Termos em que, nos melhores de direito e com o sempre mui douto suprimento de Vossas Excelências, deve a sentença ser revogada.
Não foram oferecidas contra-alegações.
II – Objeto do recurso
Considerando que:
. o objeto do recurso está delimitado pelas conclusões contidas nas alegações dos recorrentes, estando vedado a este Tribunal conhecer de matérias nelas não incluídas a não ser que as mesmas sejam de conhecimento oficioso; e,
. os recursos não visam criar decisões sobre matéria nova, sendo o seu acto, em princípio delimitado pelo conteúdo do acto recorrido,
as questão a decidir são as seguintes:
.se devem ser aditados dois novos pontos à matéria de facto; e,
.se não devia ter sido recusada antecipadamente a exoneração do passivo restante à insolvente.
III - Fundamentação
Na primeira instância foram considerados provados os seguintes factos:
a. A devedora apresentou-se à insolvência em março de 2016 e foi declarada insolvente em 10/3/2016;
b. O processo foi encerrado por insuficiência da massa insolvente em setembro de 2016;
c. Foi proferido despacho inicial de exoneração do passivo restante;
d. O fiduciário verificou que a insolvente declarou rendimentos prediais resultantes de arrendamento de um imóvel que resultava da herança aberta por óbito de seus pais;
e. A mãe da devedora, R. O., faleceu no dia - de Julho de 2008, na situação de casada com A. C. e o pai, A. C., faleceu no dia 1 de Dezembro de 2014, na situação de viúvo;
f. Eram herdeiros, juntamente com a devedora, os seus três irmãos, pelo que, o direito da devedora na herança seria de ¼;
g. No dia 8 de Maio de 2018, a devedora repudiou a herança aberta por óbito de ambos os pais, tendo sucedido à mesma no seu direito os seus dois filhos, H. D. e B. R.;
h. Esta herança era composta, pelo menos, pelo seguinte bem imóvel: fracção autónoma designada pela letra “I” que faz parte integrante do prédio urbano em regime de propriedade horizontal descrito na Conservatória do Registo Predial de … sob o nº … da freguesia de ... e inscrito na respectiva matriz predial urbana sob o artigo …º de ...; composta por apartamento no 1º andar esquerdo, com um lugar na cave para aparcamento com o nº 9;
i. No dia 18 de Janeiro de 2019, este bem imóvel foi vendido pelo preço de Euros 60.000,00,
j. Caso a devedora não tivesse repudiado à sua herança, a mesma teria recebido desta venda o montante de Euros 15.000,00;
k. Na sua petição inicial, a devedora refere que não é titular de qualquer bem ou direito e, em momento algum, informa ser titular do quinhão hereditário por morte dos seus pais.
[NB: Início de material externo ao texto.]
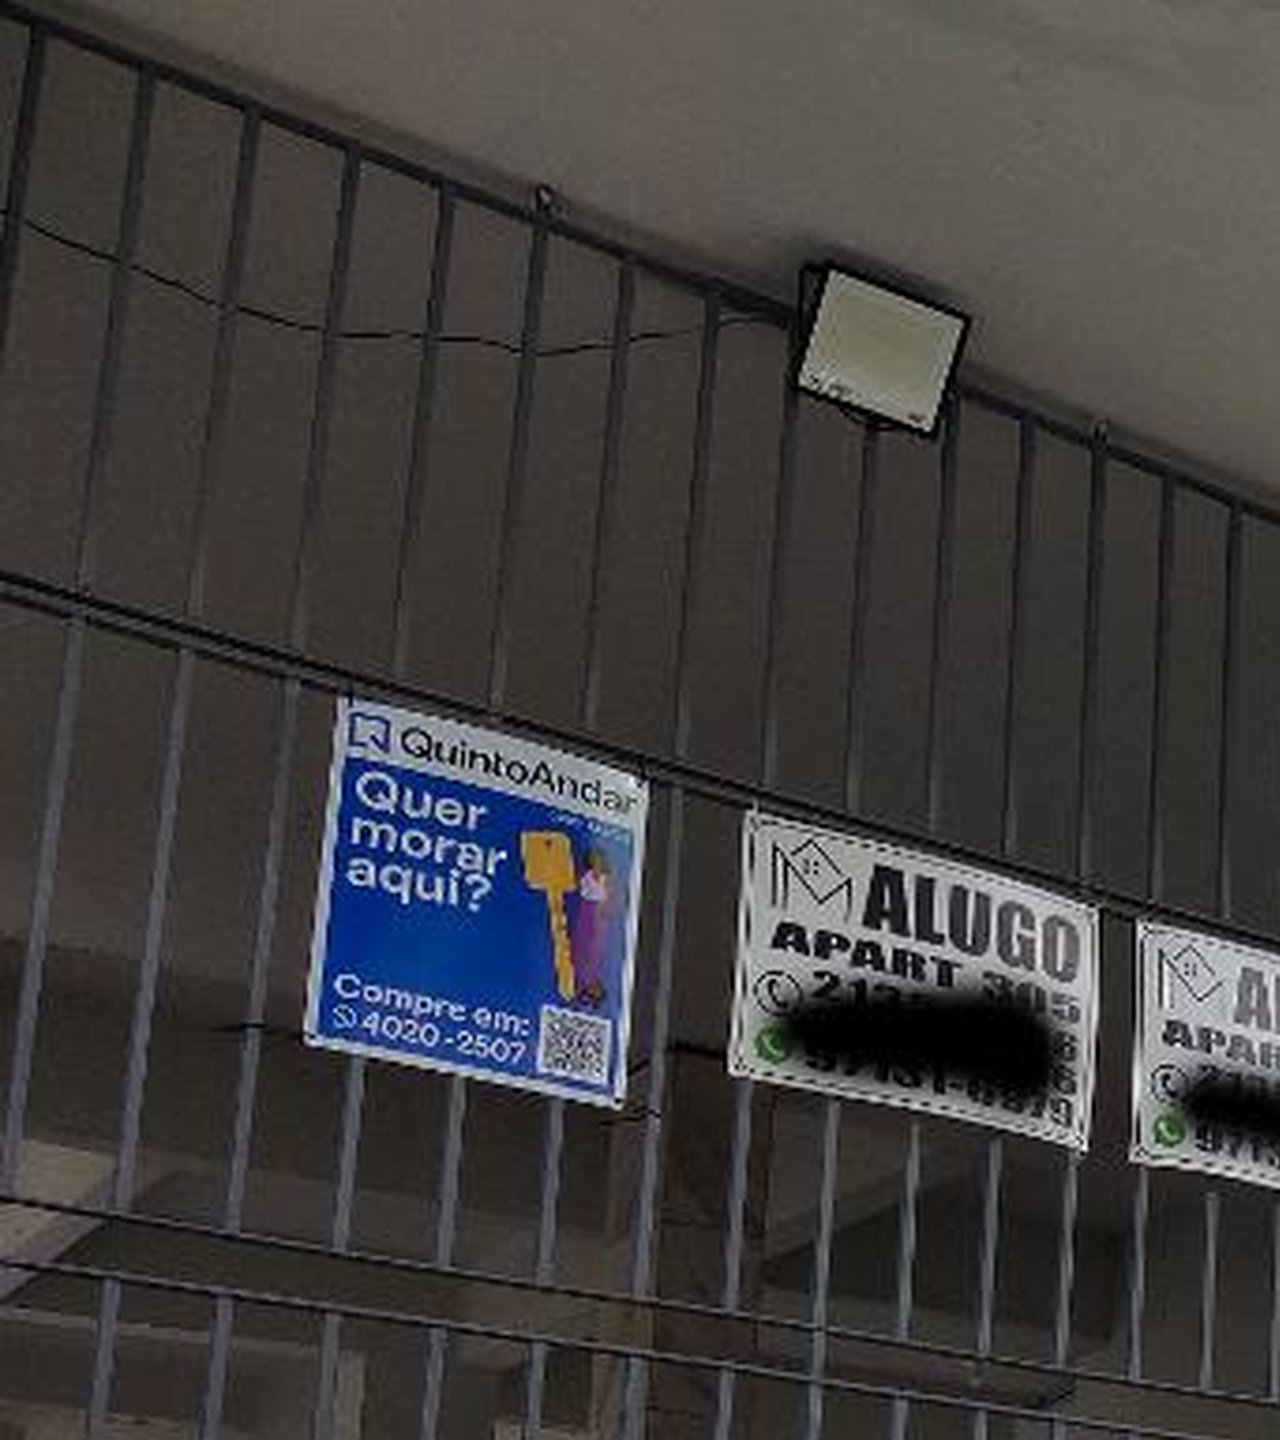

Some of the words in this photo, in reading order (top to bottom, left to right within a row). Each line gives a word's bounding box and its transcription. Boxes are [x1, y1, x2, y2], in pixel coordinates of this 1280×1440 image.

l. Ainda antes de morte dos pais, avós maternos dos filhos da devedora, aqueles manifestaram a vontade de que, após o seu falecimento, o seu quinhão hereditário fosse adjudicado aos netos, dado que estes haviam passado a residir com o pai, sem que a insolvente tivesse contribuído com qualquer pensão de alimentos, fruto da sua precária situação económico financeira;
m. Essa vontade dos avós maternos pretendia compensar o pai dos netos pelos encargos que este suportou na educação e sustento dos mesmos, dado que a insolvente em nada contribuíra para esse fim;
n. Passados seis anos desde a morte do avô materno, autor da herança, a cabeça de casal informou que iria proceder à venda do imóvel que fazia parte do acervo da herança, o que fez.
Da ampliação da matéria de facto
Entende a apelante que devem ser aditados à matéria de facto os seguintes factos:
.A escritura dos bens da herança só aconteceu passados seis anos depois da morte do autor da herança quando o comprador teve meios financeiros para pagar o preço.
.O valor das tornas do insolvente foram entregues aos seus filhos (1) que intervieram na escritura de compra e venda.
Fundamenta-se no depoimento da sua irmã A. O..
Entendemos não ser caso de conhecer da impugnação da decisão da matéria de facto. O Tribunal deve abster-se de o fazer “quando os factos impugnados não interfiram de modo algum na solução do caso, designadamente por não se visionar qualquer solução plausível de questão de direito que esteja dependente da modificação que o recorrente pretende operar no leque de factos provados ou não provados” (2).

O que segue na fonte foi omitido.